> **Try it**: From the first line to the last, retype the records exactly and skip the pictures.

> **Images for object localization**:

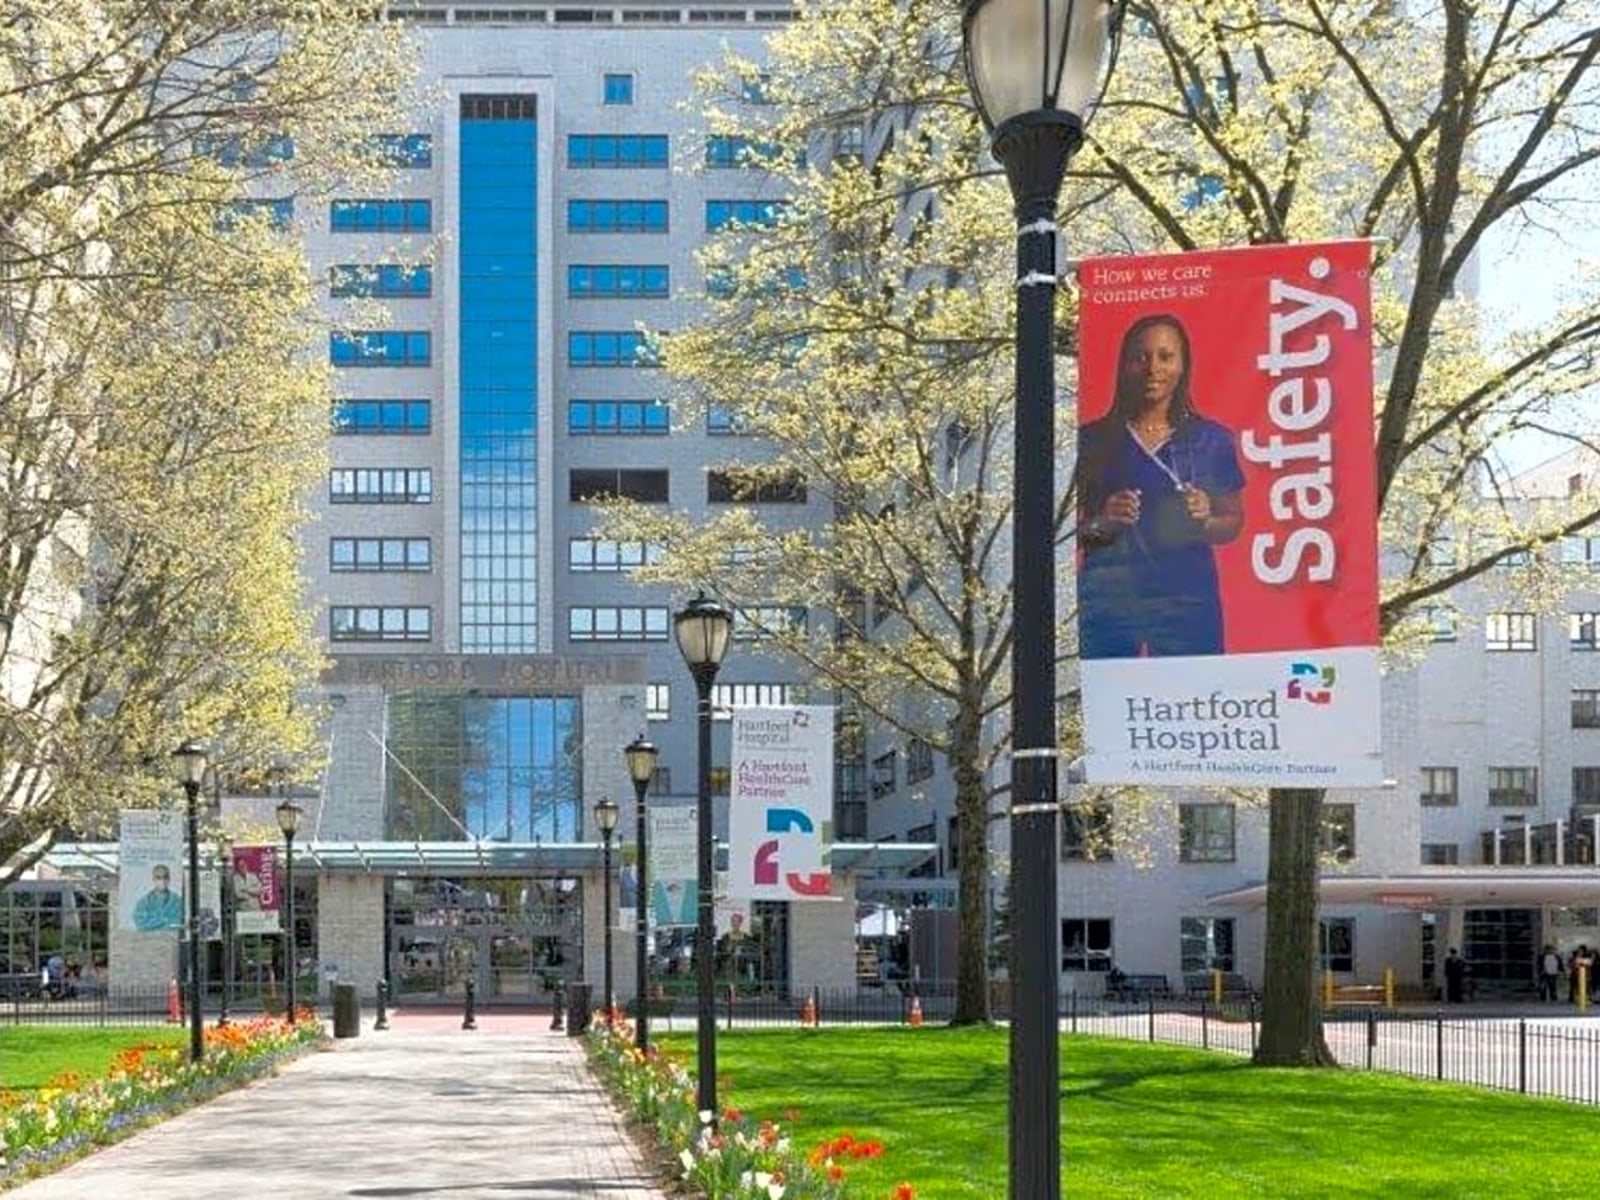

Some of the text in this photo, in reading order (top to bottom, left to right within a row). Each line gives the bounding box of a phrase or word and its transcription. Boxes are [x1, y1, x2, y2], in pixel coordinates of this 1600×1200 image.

[1093, 265, 1212, 285] How we care
[1092, 284, 1178, 305] connects
[1242, 257, 1358, 584] Safety.
[1125, 690, 1280, 722] Hartford
[1128, 723, 1281, 758] Hospital

> **Written answer**:
Some of the text in this photo, in reading order (top to bottom, left to right within a row). Each line gives the bounding box of a phrase or word and its transcription. Boxes are [x1, y1, x2, y2], in pixel coordinates of this 1600×1200 image.

[1093, 265, 1212, 285] How we care
[1092, 284, 1178, 305] connects
[1242, 257, 1358, 584] Safety.
[1125, 690, 1280, 722] Hartford
[1128, 723, 1281, 758] Hospital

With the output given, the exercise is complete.